→ WORKING DATA
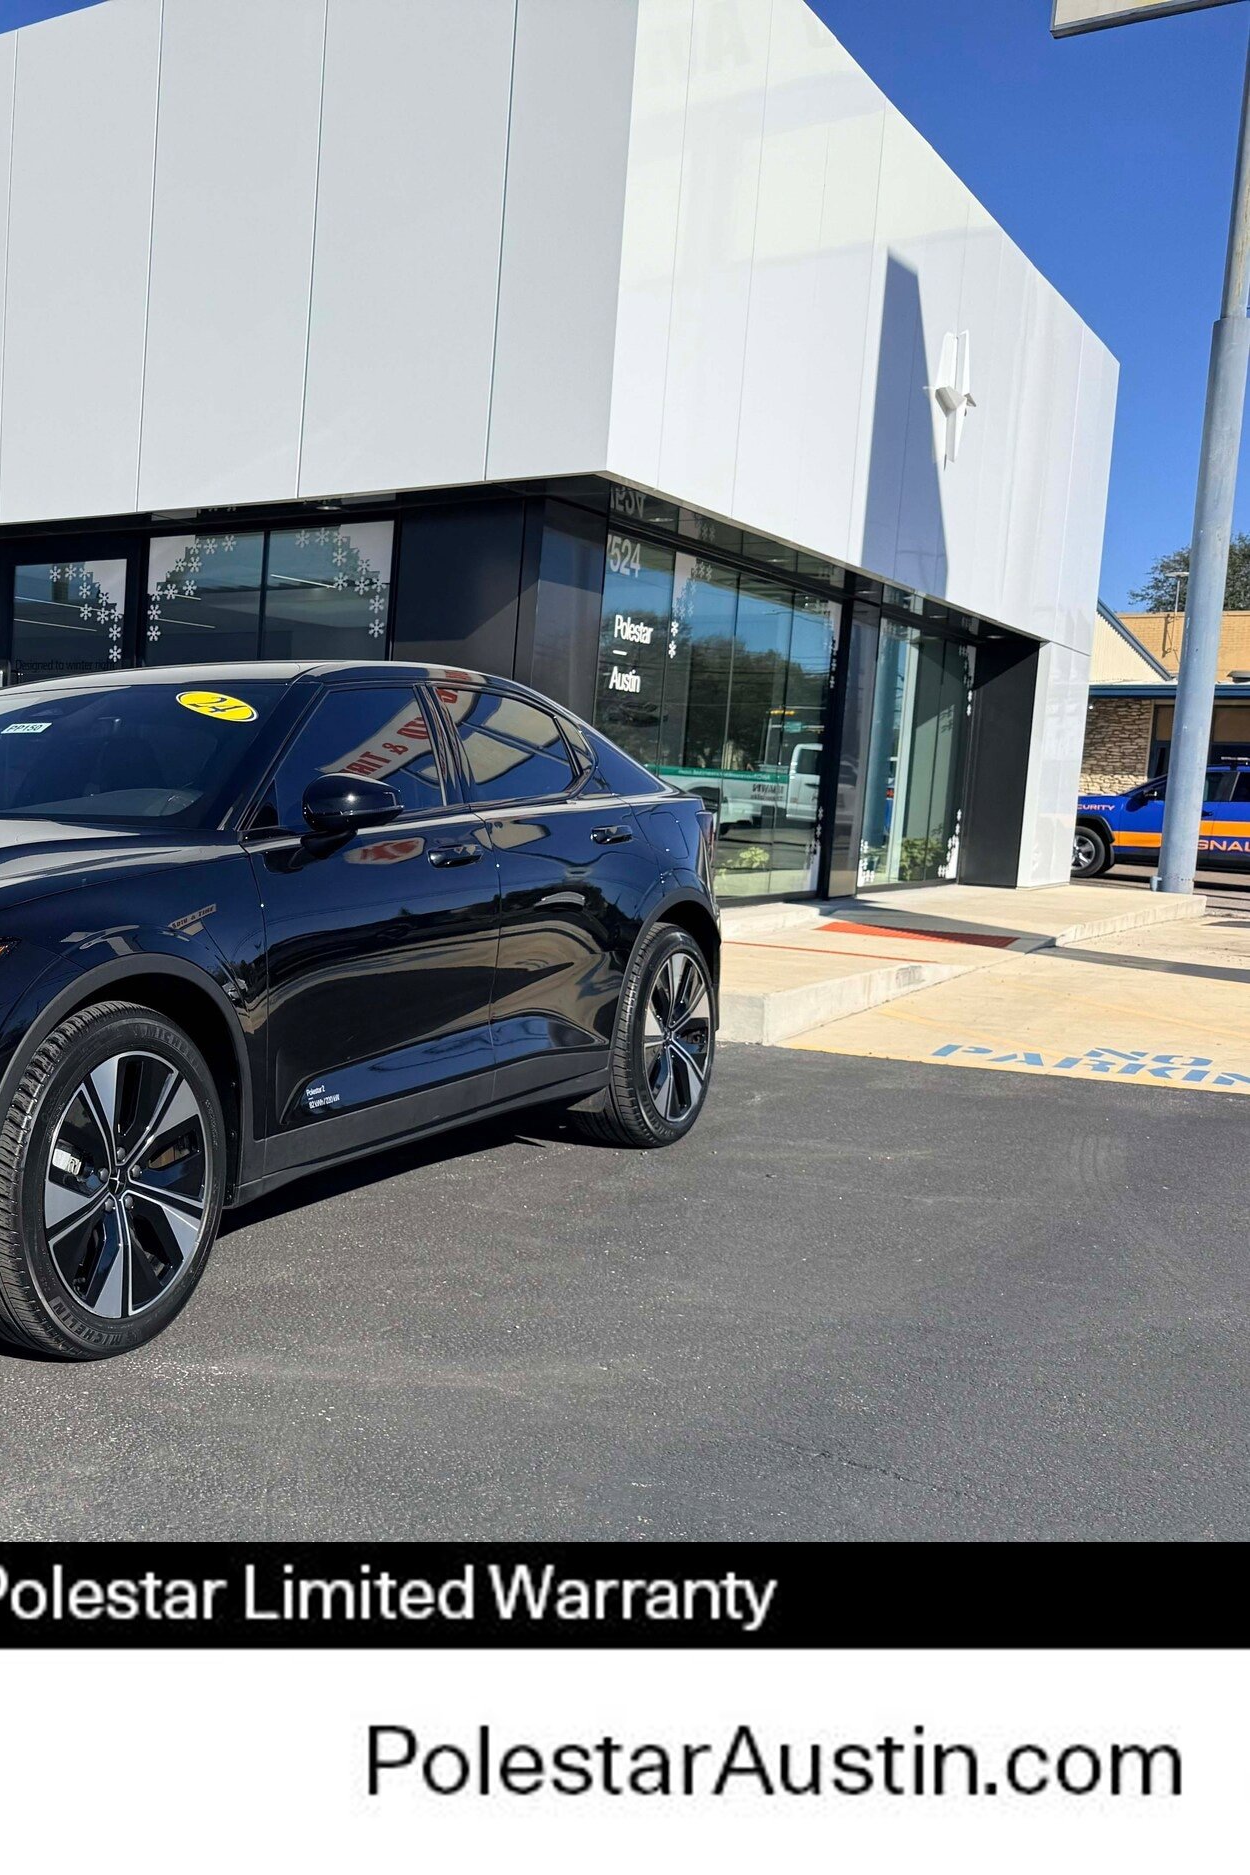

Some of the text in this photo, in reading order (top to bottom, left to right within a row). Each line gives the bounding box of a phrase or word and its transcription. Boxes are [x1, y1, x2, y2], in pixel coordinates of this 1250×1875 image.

[614, 614, 654, 645] Polestar
[608, 665, 641, 693] Austin
[931, 1044, 1250, 1086] PARKIN
[1085, 1047, 1213, 1067] NO
[52, 1300, 123, 1346] MICHELIN
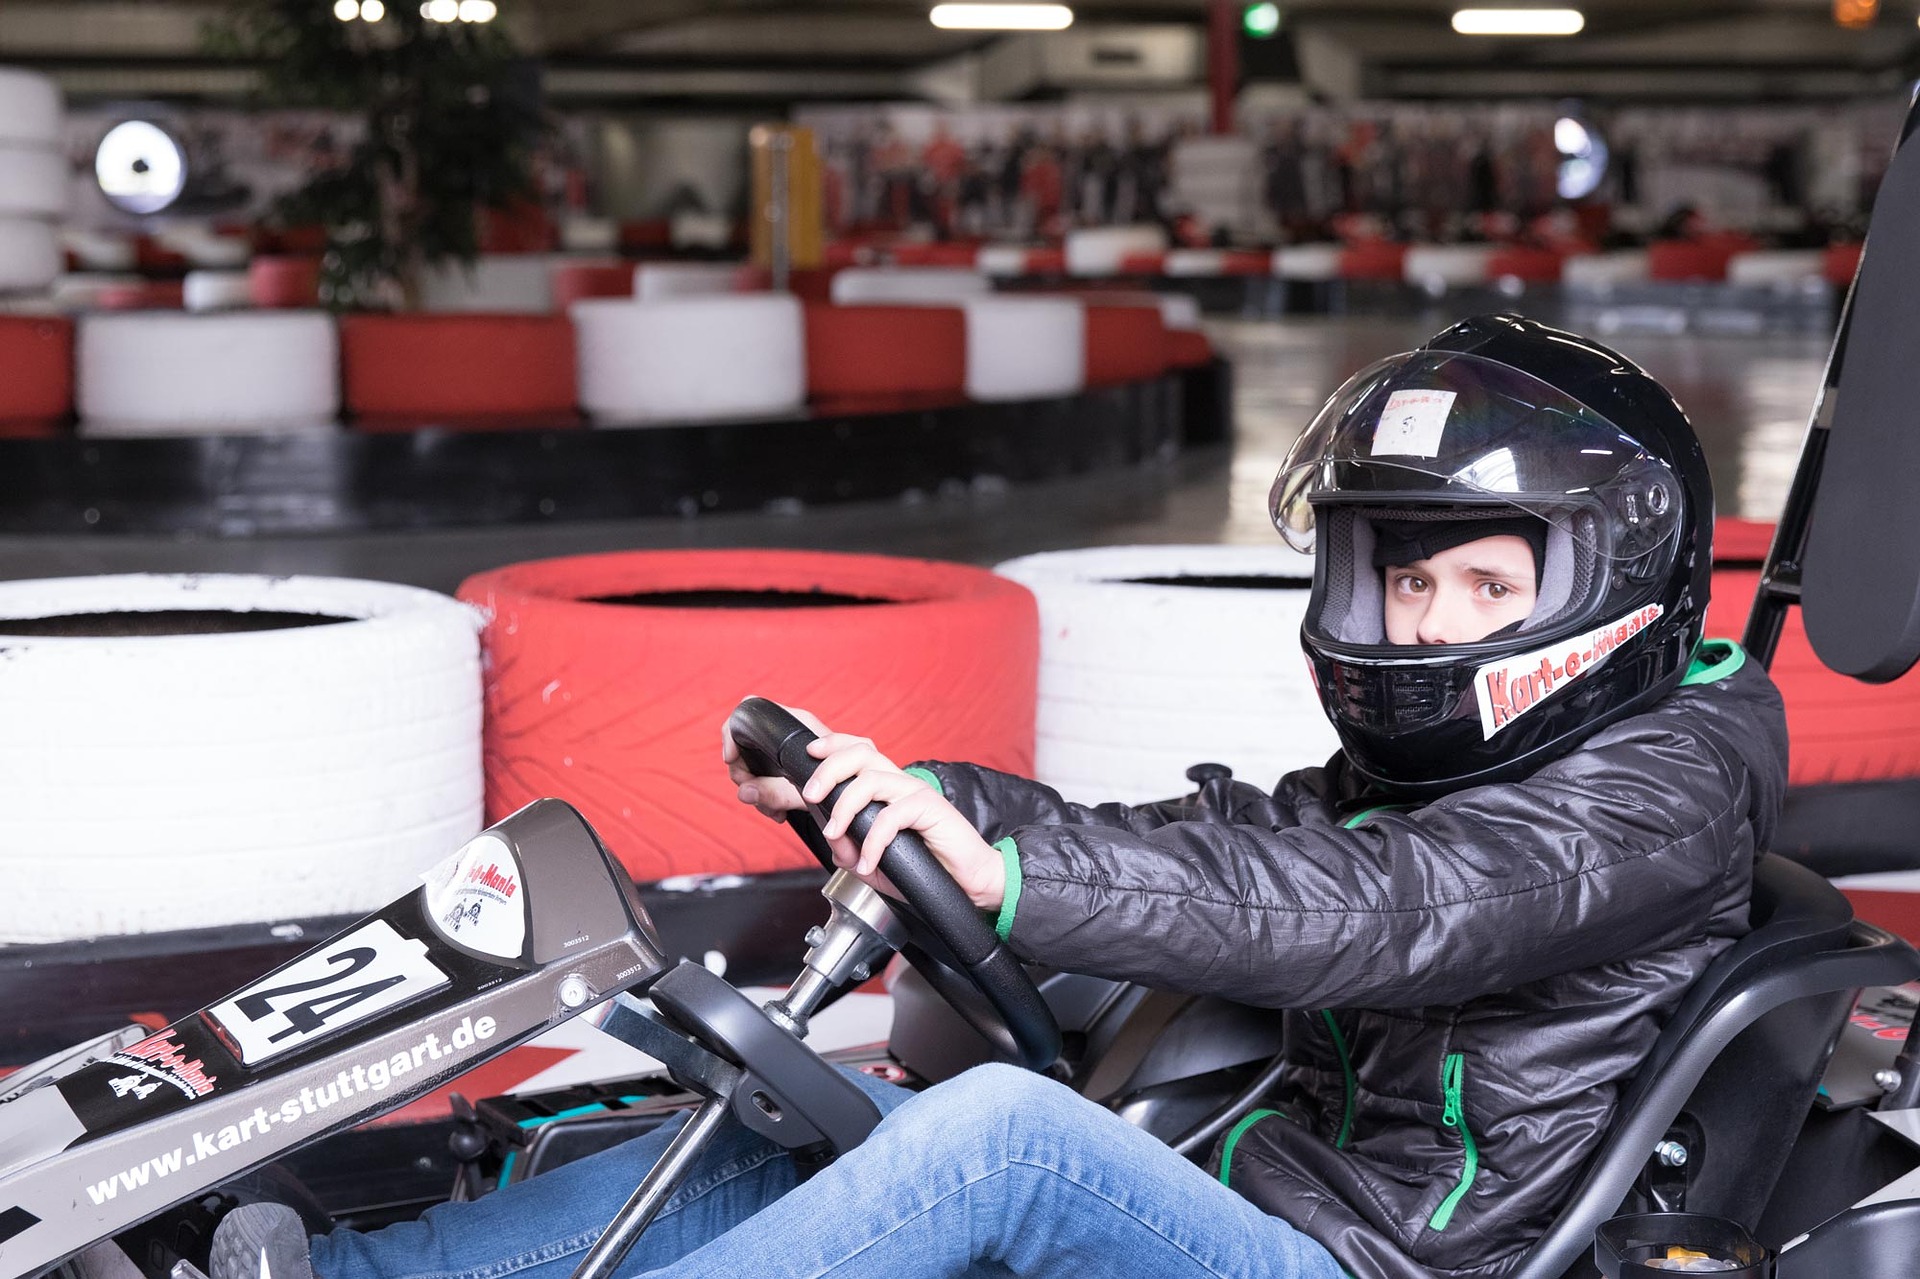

→ DIRECTIONS FOR THIS TASK
Transcribe the records word for word and include no pictures.

→ EXERCISE RESPONSE
Some of the text in this photo, in reading order (top to bottom, left to right within a row). Each line gives the bounding box of a phrase or word and its transcription. Boxes are [x1, y1, x2, y2], in pixel coordinates of this 1250×1875 image.

[614, 614, 654, 645] Polestar
[608, 665, 641, 693] Austin
[931, 1044, 1250, 1086] PARKIN
[1085, 1047, 1213, 1067] NO
[52, 1300, 123, 1346] MICHELIN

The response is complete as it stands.